- **Task to carry out**: Exactly as written, return every line of the data below apart from the pictures.

:: Supplied records

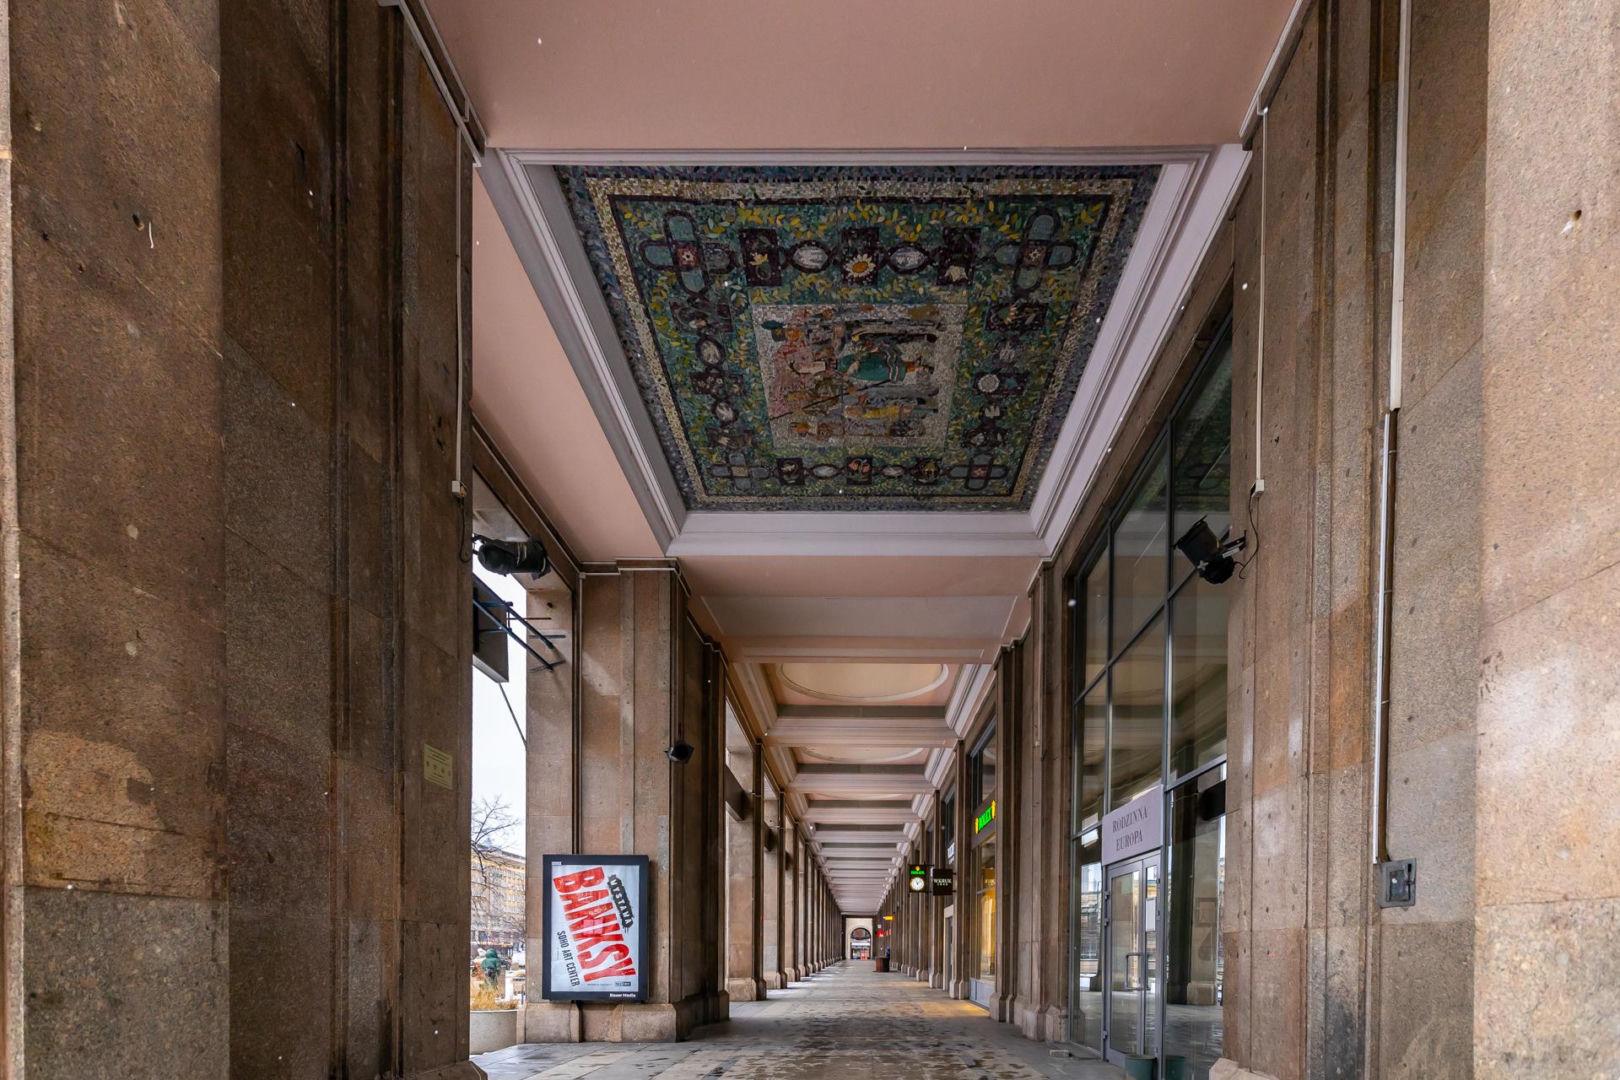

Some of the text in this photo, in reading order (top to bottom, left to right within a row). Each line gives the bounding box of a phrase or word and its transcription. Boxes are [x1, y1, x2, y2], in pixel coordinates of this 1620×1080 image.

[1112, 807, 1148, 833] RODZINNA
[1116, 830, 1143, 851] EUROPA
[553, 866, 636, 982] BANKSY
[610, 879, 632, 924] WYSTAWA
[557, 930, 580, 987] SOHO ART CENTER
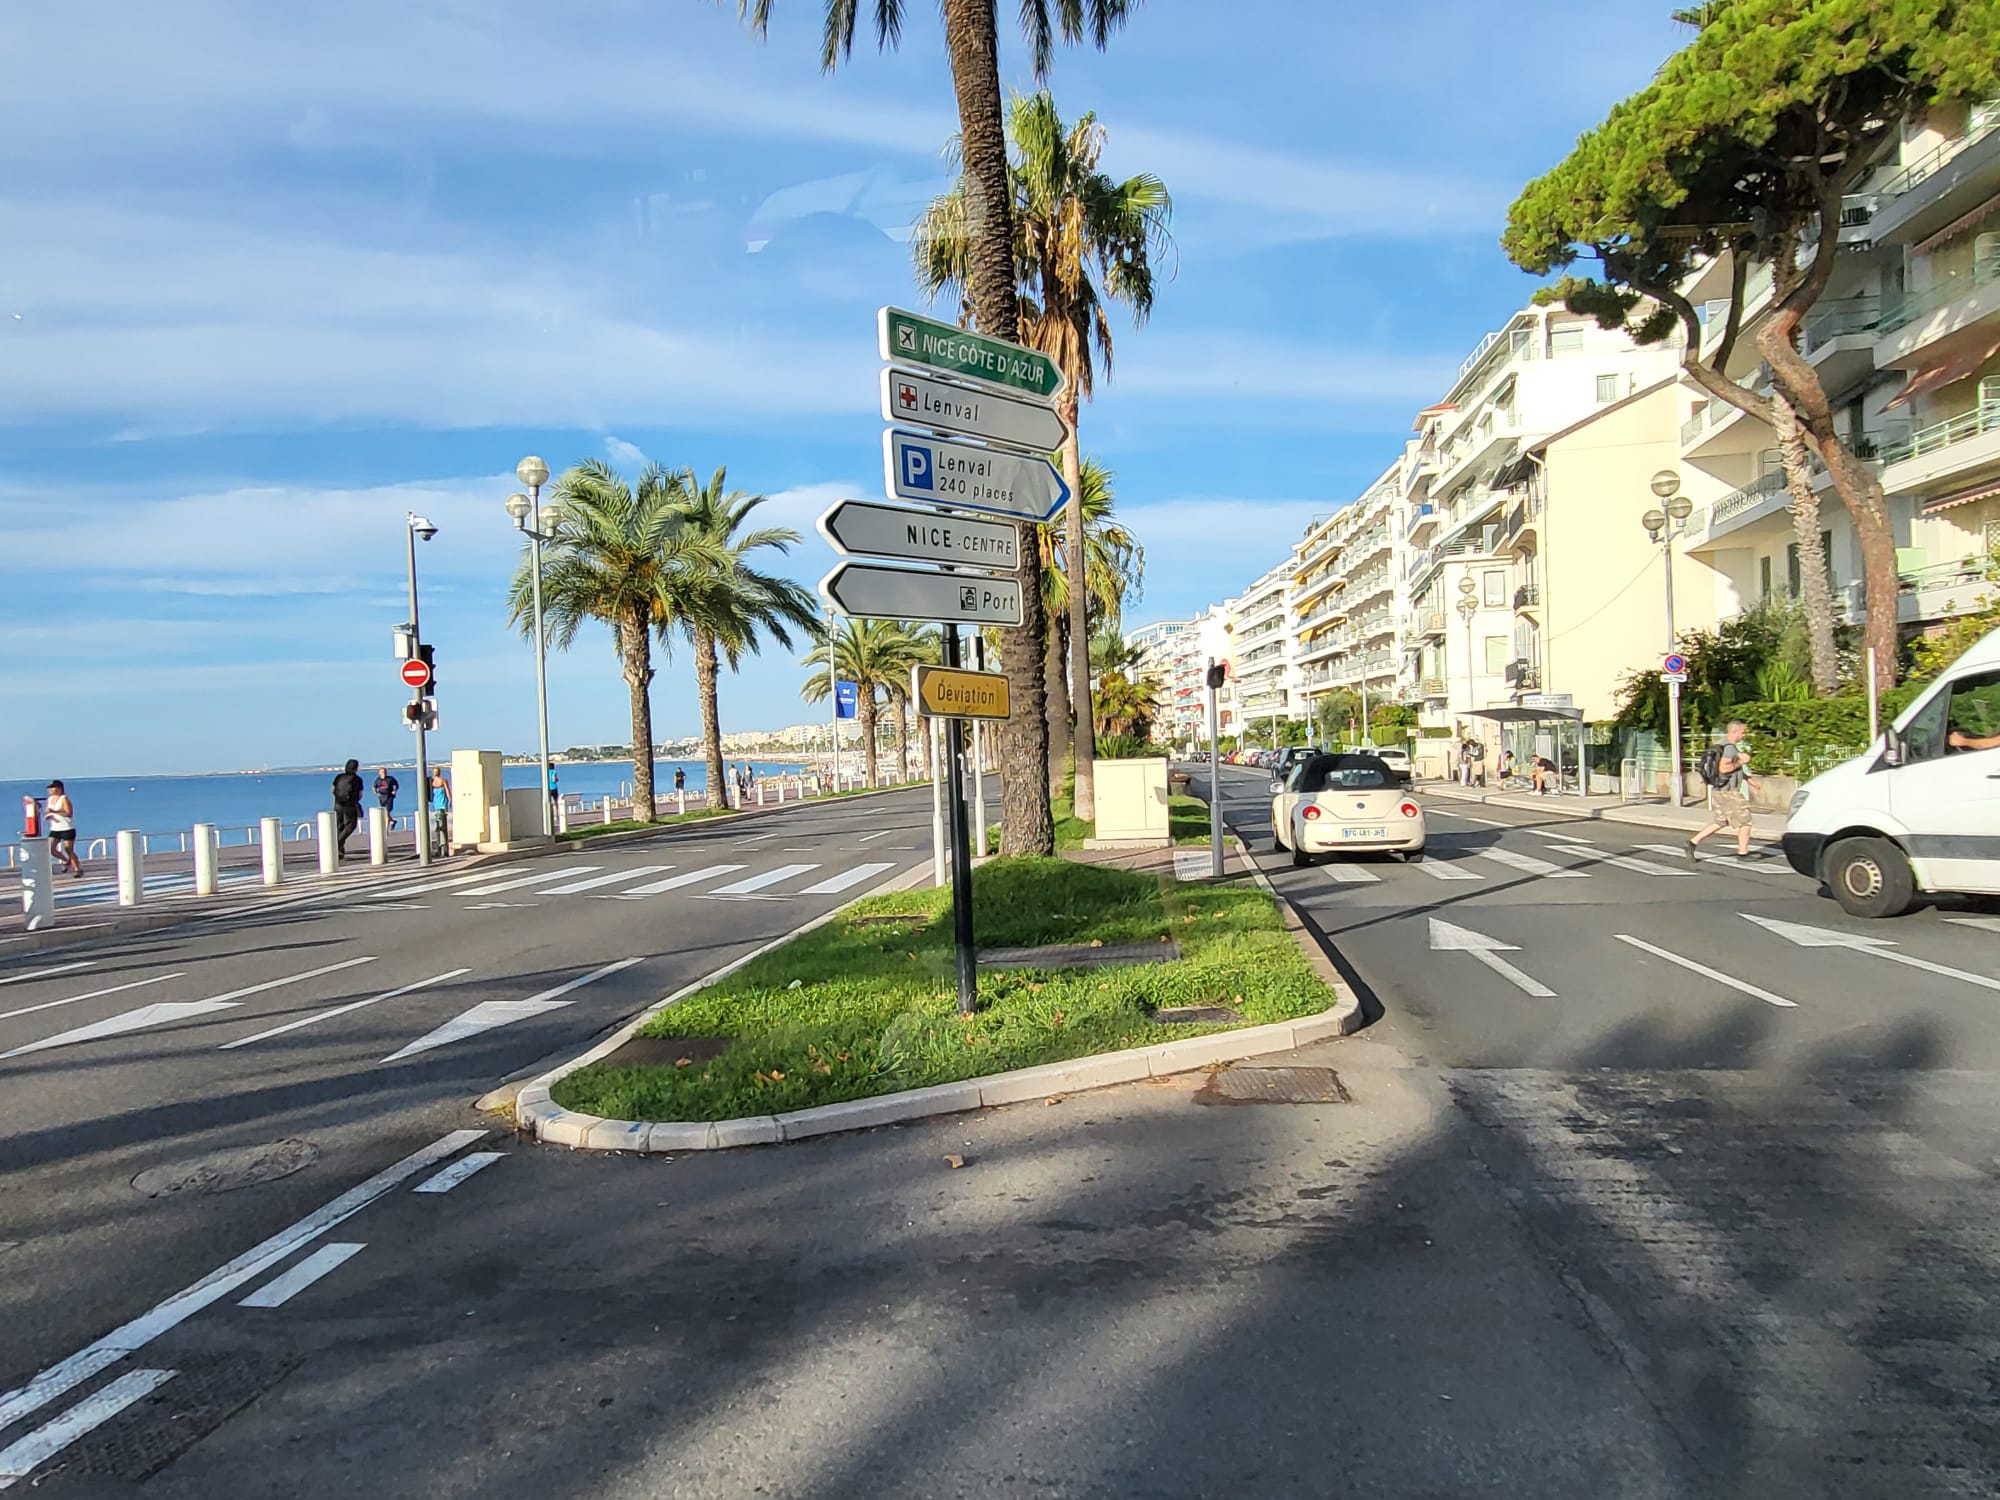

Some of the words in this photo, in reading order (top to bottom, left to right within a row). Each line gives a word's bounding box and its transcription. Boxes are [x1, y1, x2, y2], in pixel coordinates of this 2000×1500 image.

::::

- **Exercise solution**:
Some of the text in this photo, in reading order (top to bottom, left to right within a row). Each line gives the bounding box of a phrase or word and its transcription. Boxes are [x1, y1, x2, y2], in pixel coordinates of this 1620×1080 image.

[1112, 807, 1148, 833] RODZINNA
[1116, 830, 1143, 851] EUROPA
[553, 866, 636, 982] BANKSY
[610, 879, 632, 924] WYSTAWA
[557, 930, 580, 987] SOHO ART CENTER

Some of the words in this photo, in reading order (top to bottom, left to right within a row). Each line gives a word's bounding box and its transcription. Boxes are [x1, y1, x2, y2], in pixel coordinates of this 2000×1500 image.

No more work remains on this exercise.